Problem description: Exclude any images and output the remaining records exactly.

Records:
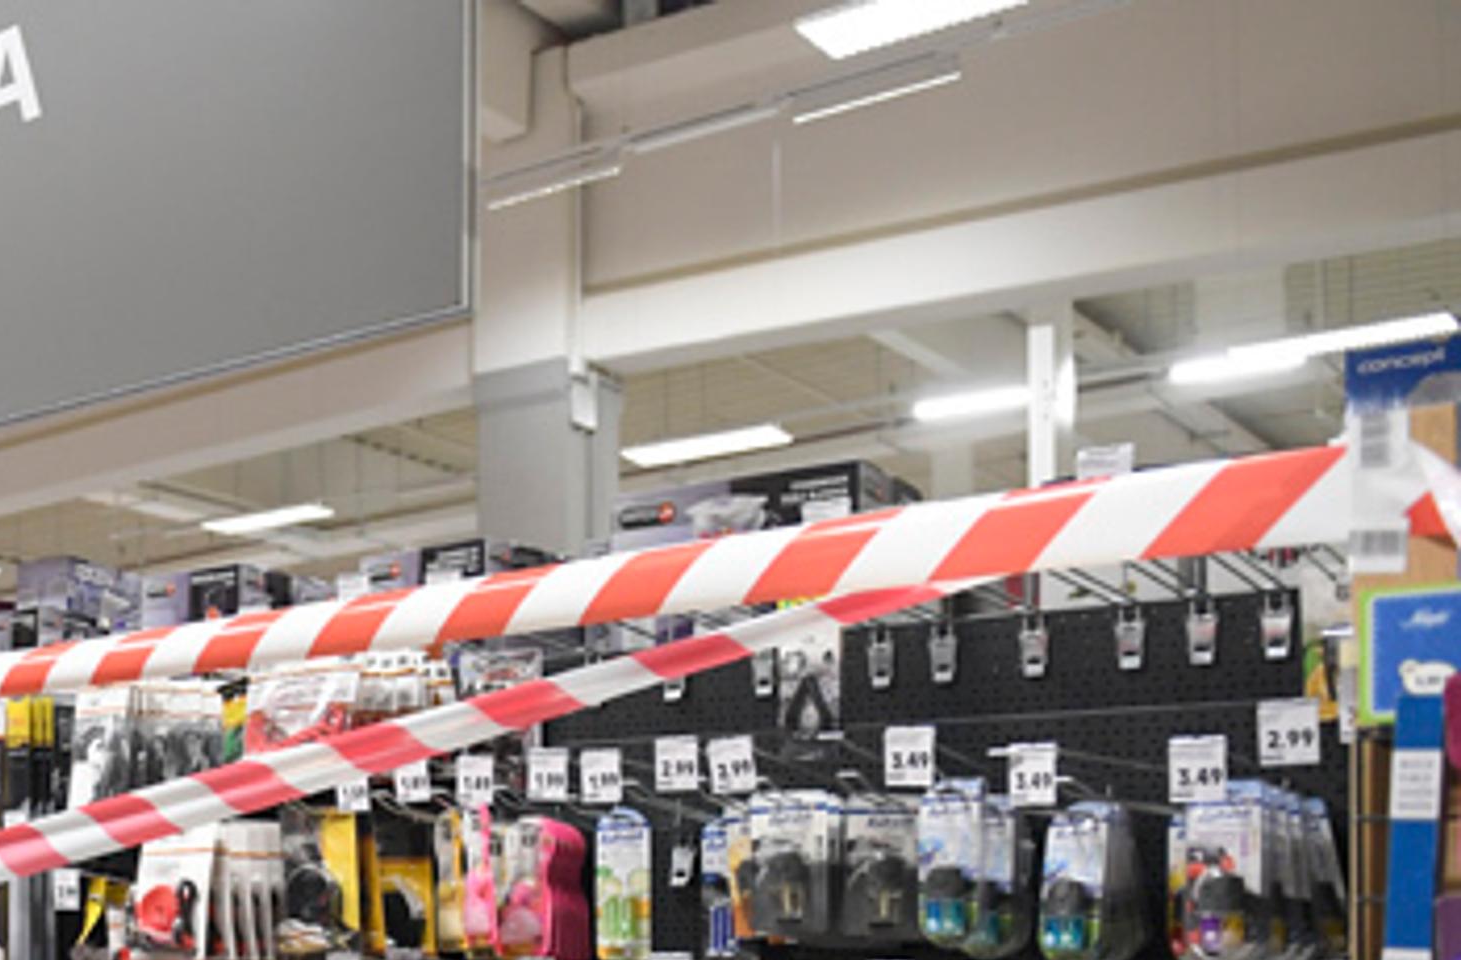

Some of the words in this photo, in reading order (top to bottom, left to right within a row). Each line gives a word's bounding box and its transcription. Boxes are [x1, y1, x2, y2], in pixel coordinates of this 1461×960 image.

[1267, 729, 1314, 751] 2.99
[890, 748, 930, 771] 3.49
[1014, 770, 1053, 791] 3.49
[1177, 764, 1223, 788] 3.49

Solution to this task:
Some of the words in this photo, in reading order (top to bottom, left to right within a row). Each line gives a word's bounding box and its transcription. Boxes are [x1, y1, x2, y2], in pixel coordinates of this 1461×960 image.

[1267, 729, 1314, 751] 2.99
[890, 748, 930, 771] 3.49
[1014, 770, 1053, 791] 3.49
[1177, 764, 1223, 788] 3.49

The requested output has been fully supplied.